In java, we often encounter the following situation: </img> ss </img> pp </img> obtain information in img, however, alt is not what we need. All we need to get is the src content. Maybe you will say that I can extract it twice, but I can extract it twice. But sometimes it is not allowed to be extracted twice .. So here we use non. Here we will give an example String str = "aaatggcccssaaakkcccaaaxvcccaaavxccc"; we want to extract the content between aaa and ccc, however, we do not want to start with xx .. What should I do. As we all know, the regular expression is not ^, obviously, regex = "aaa [^ xx] ccc"; such a method is definitely not feasible .. Maybe you will think of regex = "aaa [^ x] [^ x] ccc"; but in fact this method does not work either... If the first letter x does not meet the [^ x] condition during regular expression determination, the first letter x is regarded as false. Php language ?! Non-string usage, but it does not seem to exist in java. At least I haven't found it yet.
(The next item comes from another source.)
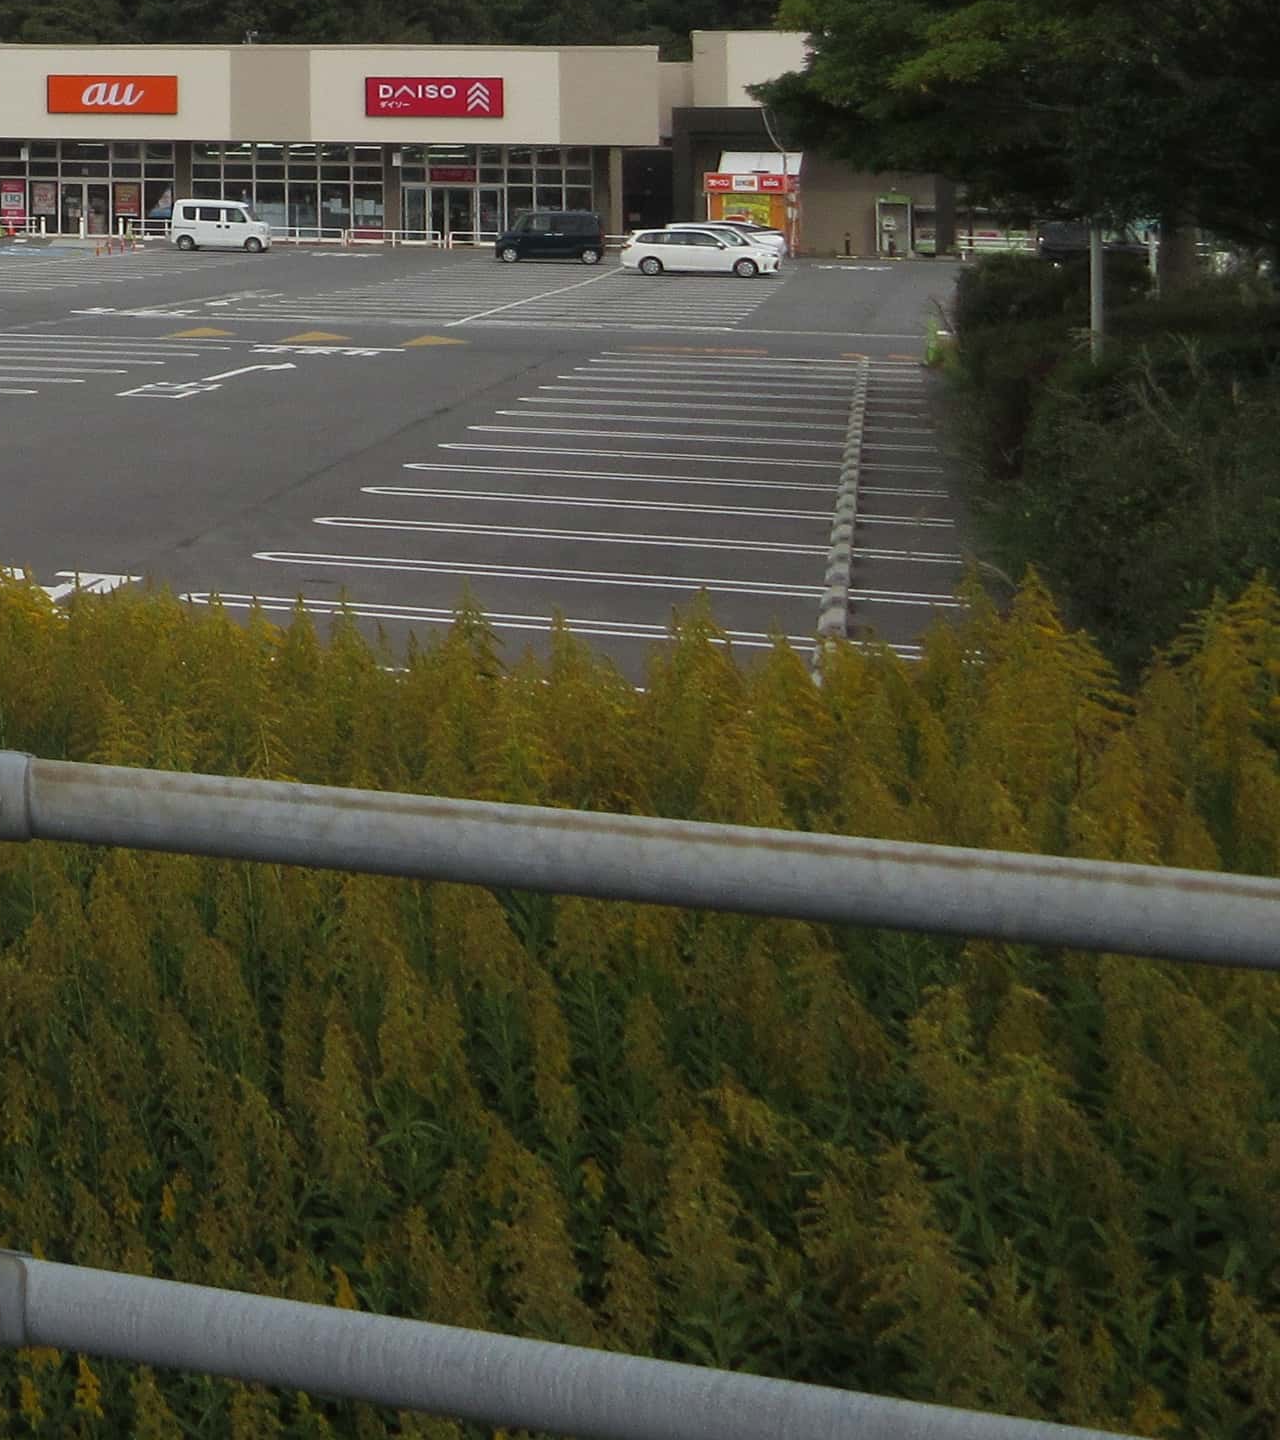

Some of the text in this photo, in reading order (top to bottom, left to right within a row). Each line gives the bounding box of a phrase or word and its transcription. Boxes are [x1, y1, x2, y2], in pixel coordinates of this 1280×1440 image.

[81, 82, 145, 106] au
[379, 84, 457, 99] DAISO
[380, 101, 411, 109] ダイソー
If you have any hope, let me know .. For the above problem, we can think about it from another angle. If the form of xx is not allowed, in turn, x [^ x] | [^ x] [^ x] | [^ x] x is allowed. So our thinking is coming .. Example:
String regex="aaa(x[^x]\\w*?|[^x][^x]\\w*?|[^x]x\\w*?)ccc"; String str="aaatggcccssaaakkcccaaaxvcccaaaxxccc"; Matcher m = Pattern.compile(regex).matcher(str); while(m.find()){ System.out.println(m.group(1)); }
The result is as follows: tggkkxv has correct results. several methods have been tested and no errors have been found .. If you have a better method, please share it with us. Finally, it is very inefficient to extract data in this way. If you can, if you don't want to be lazy, it would be more appropriate to extract data twice.